In November, this blog published an article about the ways in which class action lawsuits–cases in which a group of individuals (a class) may stand together against wrongdoing–have the ability to protect Americans from a variety of threats: discriminatory and predatory lending and insurance policies, invasion of privacy, racial and gender discrimination, and mortgage loan hikes. This list, however, leaves out one of the most valuable outcomes of class action suits–consumer protection.
As the civil justice blog ThePopTort points out, the American judicial system has dealt Big Tobacco a number of blows dating back decades: in 2006, a federal district court wrote that the tobacco industry–having known about the dangers of its products as early as 1964–still lied to individuals about the risks of smoking; a federal judge in 2012 mandated that the industry must admit in a series of advertisements that it misled consumers. But as smoking and chewing tobacco have faced strict regulation, the emerging electronic cigarette and vaporizer sectors have gone relatively unchecked.

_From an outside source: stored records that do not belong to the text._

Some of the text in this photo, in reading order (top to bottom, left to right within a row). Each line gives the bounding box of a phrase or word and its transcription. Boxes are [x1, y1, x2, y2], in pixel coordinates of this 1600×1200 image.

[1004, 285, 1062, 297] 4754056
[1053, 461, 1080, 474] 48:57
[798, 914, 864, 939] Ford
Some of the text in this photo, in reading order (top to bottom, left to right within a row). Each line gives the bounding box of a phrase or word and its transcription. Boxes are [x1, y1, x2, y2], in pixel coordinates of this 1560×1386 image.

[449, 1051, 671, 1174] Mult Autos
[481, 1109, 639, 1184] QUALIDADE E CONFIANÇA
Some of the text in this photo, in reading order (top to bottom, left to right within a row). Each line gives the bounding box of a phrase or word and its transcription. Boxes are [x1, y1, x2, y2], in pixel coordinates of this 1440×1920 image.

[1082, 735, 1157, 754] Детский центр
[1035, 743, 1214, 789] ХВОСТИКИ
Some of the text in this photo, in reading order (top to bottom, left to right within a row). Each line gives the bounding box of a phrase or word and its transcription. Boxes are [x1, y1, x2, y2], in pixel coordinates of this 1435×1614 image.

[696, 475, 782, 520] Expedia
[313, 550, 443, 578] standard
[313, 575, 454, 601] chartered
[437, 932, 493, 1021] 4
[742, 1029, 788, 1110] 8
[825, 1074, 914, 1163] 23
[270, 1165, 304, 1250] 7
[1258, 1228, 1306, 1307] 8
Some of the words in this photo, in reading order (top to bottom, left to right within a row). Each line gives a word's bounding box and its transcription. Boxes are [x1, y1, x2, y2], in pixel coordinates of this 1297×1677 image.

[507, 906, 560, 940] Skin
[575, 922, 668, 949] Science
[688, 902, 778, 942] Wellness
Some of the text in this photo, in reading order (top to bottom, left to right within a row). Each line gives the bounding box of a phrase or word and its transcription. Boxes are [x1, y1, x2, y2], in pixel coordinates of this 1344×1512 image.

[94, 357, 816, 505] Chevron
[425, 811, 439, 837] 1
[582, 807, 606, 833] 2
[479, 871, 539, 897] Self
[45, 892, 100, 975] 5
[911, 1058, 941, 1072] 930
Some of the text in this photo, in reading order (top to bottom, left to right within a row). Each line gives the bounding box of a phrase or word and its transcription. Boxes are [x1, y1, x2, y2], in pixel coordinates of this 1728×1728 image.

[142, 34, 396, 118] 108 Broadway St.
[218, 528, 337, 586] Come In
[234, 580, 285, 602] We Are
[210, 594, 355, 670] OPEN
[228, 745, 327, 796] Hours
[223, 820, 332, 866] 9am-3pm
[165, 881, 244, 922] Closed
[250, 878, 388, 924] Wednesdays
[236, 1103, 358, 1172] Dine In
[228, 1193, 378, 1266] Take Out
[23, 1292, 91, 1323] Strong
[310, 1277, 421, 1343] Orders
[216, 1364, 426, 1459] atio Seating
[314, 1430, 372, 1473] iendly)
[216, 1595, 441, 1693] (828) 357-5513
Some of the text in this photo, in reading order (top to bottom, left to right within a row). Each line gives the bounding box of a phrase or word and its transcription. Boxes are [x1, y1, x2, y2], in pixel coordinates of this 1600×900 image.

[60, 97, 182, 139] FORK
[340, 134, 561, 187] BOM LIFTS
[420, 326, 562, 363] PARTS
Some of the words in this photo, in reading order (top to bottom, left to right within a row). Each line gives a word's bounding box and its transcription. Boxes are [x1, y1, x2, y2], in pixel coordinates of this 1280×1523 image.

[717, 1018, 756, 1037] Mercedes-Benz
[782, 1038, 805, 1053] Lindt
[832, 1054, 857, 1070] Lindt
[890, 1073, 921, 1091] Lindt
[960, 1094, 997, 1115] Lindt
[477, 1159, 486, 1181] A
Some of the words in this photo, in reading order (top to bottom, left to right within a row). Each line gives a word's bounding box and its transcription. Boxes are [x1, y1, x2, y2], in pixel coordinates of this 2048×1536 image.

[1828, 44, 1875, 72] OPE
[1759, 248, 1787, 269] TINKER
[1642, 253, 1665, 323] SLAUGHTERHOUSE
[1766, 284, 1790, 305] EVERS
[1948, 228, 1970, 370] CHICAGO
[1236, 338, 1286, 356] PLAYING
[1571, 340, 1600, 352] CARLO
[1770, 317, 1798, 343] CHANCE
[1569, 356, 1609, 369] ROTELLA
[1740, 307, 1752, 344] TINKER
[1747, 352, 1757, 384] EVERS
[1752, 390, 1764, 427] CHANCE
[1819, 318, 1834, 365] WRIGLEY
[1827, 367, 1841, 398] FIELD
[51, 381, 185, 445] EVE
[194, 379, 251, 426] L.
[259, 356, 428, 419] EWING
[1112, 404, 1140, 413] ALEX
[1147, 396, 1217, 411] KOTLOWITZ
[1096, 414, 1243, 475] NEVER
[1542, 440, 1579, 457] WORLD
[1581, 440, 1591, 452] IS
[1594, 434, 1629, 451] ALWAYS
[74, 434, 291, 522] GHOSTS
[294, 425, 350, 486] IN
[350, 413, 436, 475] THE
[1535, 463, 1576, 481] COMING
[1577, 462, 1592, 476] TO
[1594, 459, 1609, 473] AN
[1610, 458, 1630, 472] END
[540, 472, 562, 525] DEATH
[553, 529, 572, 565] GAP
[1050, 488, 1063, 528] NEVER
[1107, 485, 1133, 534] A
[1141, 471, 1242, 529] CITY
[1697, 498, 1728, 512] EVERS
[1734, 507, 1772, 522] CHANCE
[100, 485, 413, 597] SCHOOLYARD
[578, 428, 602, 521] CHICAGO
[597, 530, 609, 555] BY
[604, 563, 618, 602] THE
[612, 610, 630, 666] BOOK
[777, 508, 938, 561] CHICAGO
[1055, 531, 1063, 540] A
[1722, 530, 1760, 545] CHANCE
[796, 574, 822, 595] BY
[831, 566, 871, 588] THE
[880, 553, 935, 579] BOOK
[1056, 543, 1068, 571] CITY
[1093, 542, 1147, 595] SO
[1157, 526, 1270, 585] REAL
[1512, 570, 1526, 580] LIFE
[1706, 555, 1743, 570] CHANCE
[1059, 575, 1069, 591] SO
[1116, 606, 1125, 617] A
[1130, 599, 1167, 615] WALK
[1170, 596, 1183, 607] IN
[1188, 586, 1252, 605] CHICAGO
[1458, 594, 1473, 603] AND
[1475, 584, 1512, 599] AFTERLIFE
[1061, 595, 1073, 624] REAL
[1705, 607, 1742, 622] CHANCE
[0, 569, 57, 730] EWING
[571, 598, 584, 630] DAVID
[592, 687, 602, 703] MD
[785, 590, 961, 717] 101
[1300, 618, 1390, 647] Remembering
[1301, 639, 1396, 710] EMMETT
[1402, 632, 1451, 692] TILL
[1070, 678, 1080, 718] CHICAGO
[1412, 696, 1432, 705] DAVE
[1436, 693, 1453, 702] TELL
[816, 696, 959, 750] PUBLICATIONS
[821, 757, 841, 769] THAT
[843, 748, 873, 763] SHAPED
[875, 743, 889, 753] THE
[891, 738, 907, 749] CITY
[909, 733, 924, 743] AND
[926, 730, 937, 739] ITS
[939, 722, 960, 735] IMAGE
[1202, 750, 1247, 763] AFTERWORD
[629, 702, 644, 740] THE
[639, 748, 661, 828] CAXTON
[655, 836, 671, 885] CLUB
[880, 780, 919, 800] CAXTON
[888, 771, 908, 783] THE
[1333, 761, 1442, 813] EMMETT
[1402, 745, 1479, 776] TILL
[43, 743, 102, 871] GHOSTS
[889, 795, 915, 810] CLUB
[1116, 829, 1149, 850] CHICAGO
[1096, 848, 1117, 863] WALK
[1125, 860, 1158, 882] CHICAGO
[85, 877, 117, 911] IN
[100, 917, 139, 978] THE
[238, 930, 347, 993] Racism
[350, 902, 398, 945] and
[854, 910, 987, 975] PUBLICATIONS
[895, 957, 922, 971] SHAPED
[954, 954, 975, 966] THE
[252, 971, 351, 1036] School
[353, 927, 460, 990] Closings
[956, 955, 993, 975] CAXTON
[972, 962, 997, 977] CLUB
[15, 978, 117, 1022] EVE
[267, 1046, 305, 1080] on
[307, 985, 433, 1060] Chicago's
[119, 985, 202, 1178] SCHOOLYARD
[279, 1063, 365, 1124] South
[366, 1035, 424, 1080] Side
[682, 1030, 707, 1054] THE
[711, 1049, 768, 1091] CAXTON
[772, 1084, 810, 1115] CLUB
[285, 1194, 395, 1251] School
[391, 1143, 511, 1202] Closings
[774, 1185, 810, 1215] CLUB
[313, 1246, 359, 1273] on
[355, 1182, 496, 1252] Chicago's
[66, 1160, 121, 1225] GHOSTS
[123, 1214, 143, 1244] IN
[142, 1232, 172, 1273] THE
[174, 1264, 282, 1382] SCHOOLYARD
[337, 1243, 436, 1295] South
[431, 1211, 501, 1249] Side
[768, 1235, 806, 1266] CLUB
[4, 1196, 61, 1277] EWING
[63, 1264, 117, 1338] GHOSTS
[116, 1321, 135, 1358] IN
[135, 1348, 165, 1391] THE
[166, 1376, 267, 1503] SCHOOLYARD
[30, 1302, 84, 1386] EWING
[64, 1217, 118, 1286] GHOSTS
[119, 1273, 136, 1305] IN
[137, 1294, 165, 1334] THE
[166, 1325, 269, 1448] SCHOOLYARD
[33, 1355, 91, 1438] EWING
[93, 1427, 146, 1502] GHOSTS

According to the New York Times, more middle and high school students are smoking e-cigarettes than typical combustible cigarettes. Critics argue that such devices are easily purchased online by underage children and that the government should do more to ensure the legality of all tobacco-related transactions. ThePopTort notes that one possibility would be to file a class action lawsuit arguing that the relative safety of e-cigarettes has yet to be proven. They go on to indicate that only weeks ago the Arkansas Supreme Court allowed a similar case to proceed against Philip Morris. In a 6-1 decision, the justices decided that members of the class–those who purchased Marlboro Lights between 1971 and 2010–were entitled to refunds based on misleading marketing that implied the light cigarettes were less dangerous than other cigarettes.
But not all tobacco class action suits are allowed to proceed. In 2006, for example, the Florida Supreme Court dismissed a case against three tobacco companies worth $145 billion. This means that each of these hundreds of cases would have to be tried individually, leading to a massive strain on already underserved courts. This is a less obvious outcome of class action suits, but one that is important to note.
In 2005, Congress passed the Class Action Fairness Act (CAFA), which allows a defendant to “transfer state class actions into the smaller, already clogged federal court system.” Since this bill passed, “federal court judges have been unable to deal with the flood of new state cases, and as a result, have begun throwing out meritorious class action cases.”
Government regulators have shown their inability to oversee various industries–pharmaceuticals, auto manufacturing, and herbal supplements, to name a few. The dangers that these corporations pose to consumers was only revealed–in a few cases–through class action lawsuits, which makes them crucial in enforcing oversight measured against rule-breakers. As a recent report from the Center for Justice and Democracy puts it, without class actions, many citizens and small businesses “would be unable to recover stolen money, stop discrimination, hold large corporations accountable for wrongdoing or deter future misconduct.”